• **DATA FOR PROCESSING**:

+ + + + + + +

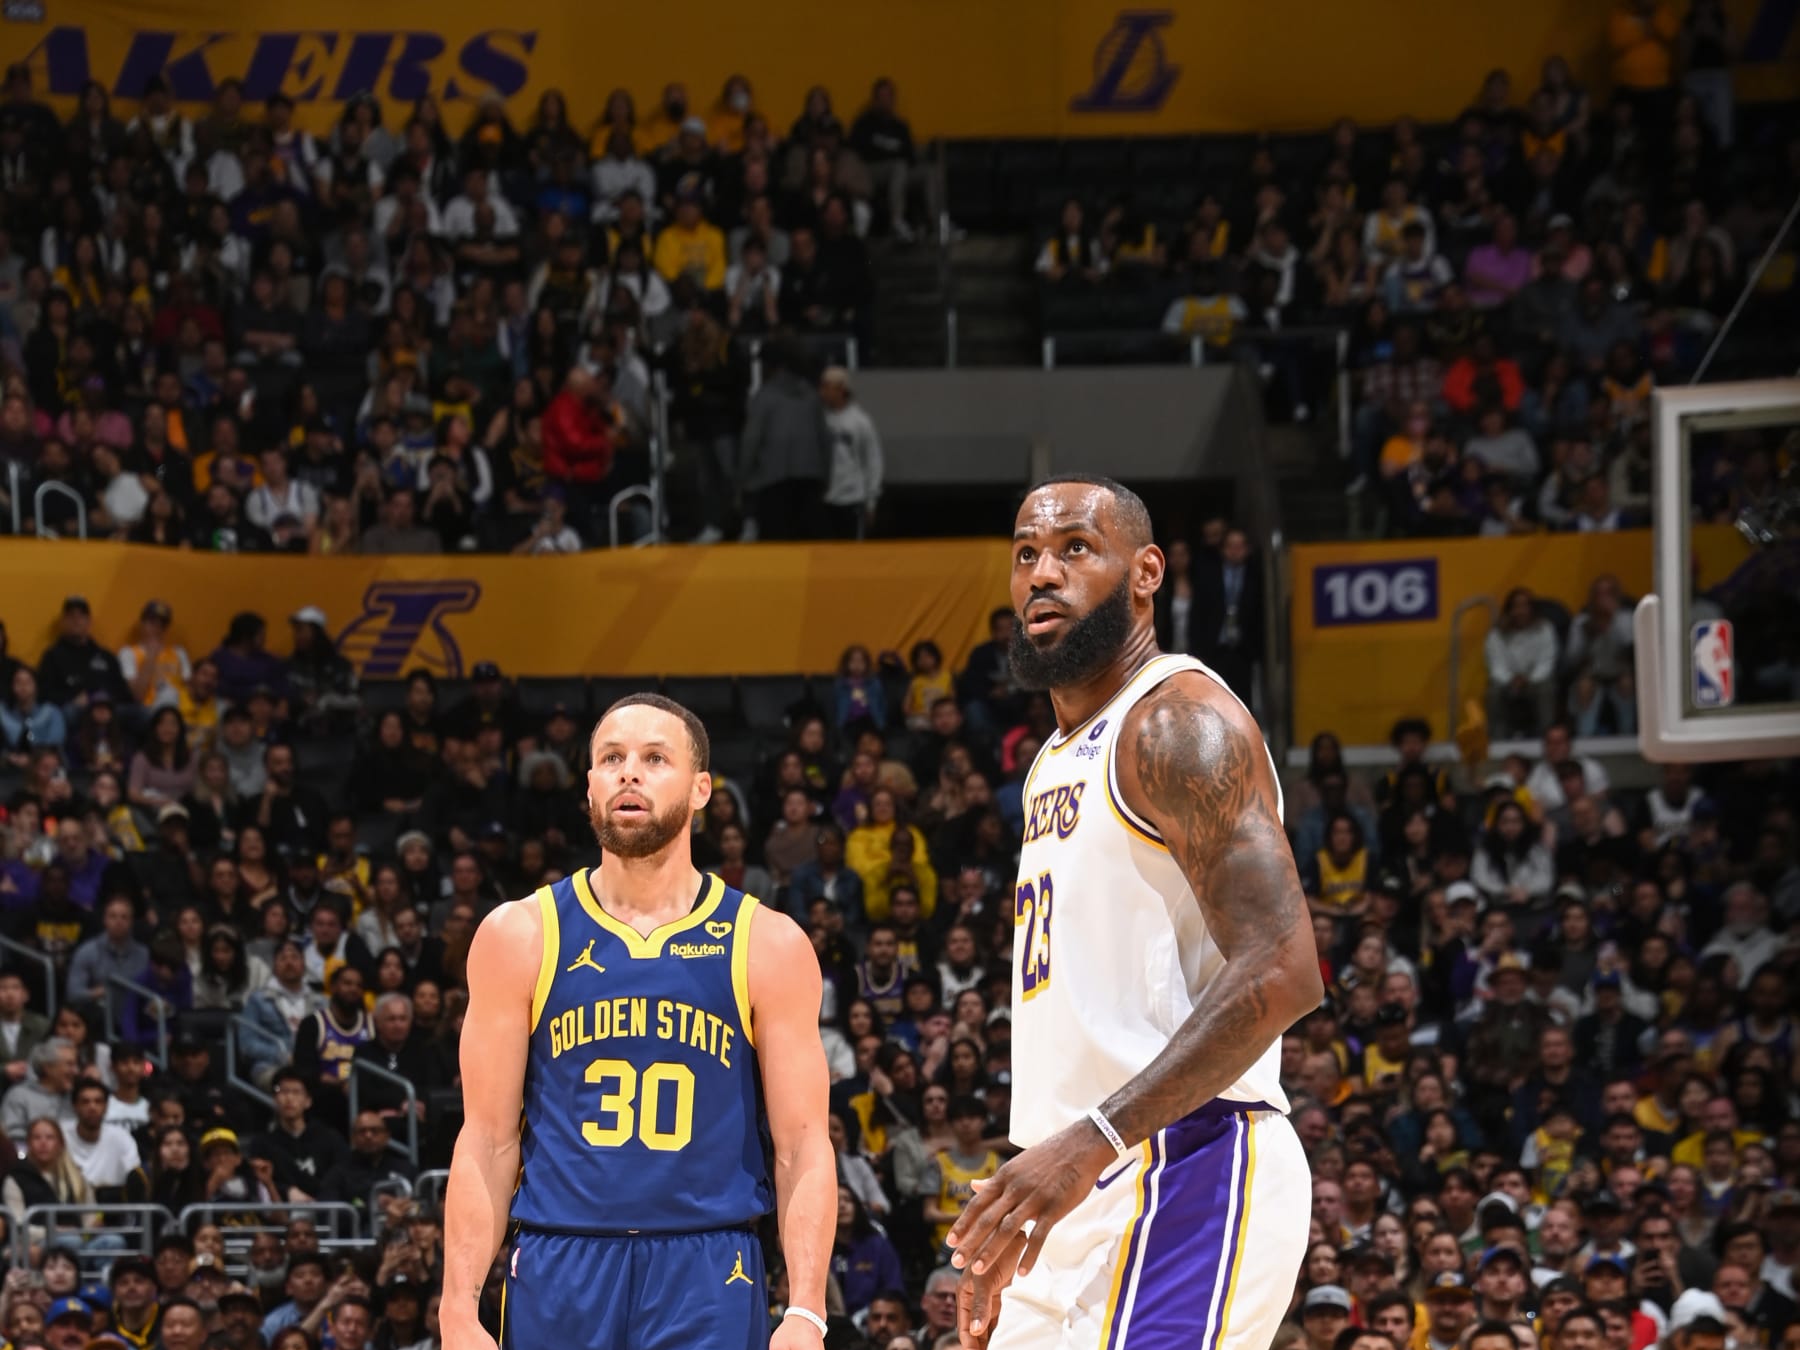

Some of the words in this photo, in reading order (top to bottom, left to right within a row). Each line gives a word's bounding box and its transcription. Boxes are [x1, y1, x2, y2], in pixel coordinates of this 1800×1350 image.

[1324, 566, 1429, 618] 106
[669, 942, 726, 959] Rakuten
[1014, 868, 1054, 1003] 23
[549, 998, 648, 1060] GOLDEN
[656, 1000, 736, 1070] STATE
[581, 1058, 697, 1152] 30

+ + + + + + +

The records must come back exactly, with their pictures removed.

• **ANSWER TO THE PROBLEM**:
Some of the words in this photo, in reading order (top to bottom, left to right within a row). Each line gives a word's bounding box and its transcription. Boxes are [x1, y1, x2, y2], in pixel coordinates of this 1800×1350 image.

[1324, 566, 1429, 618] 106
[669, 942, 726, 959] Rakuten
[1014, 868, 1054, 1003] 23
[549, 998, 648, 1060] GOLDEN
[656, 1000, 736, 1070] STATE
[581, 1058, 697, 1152] 30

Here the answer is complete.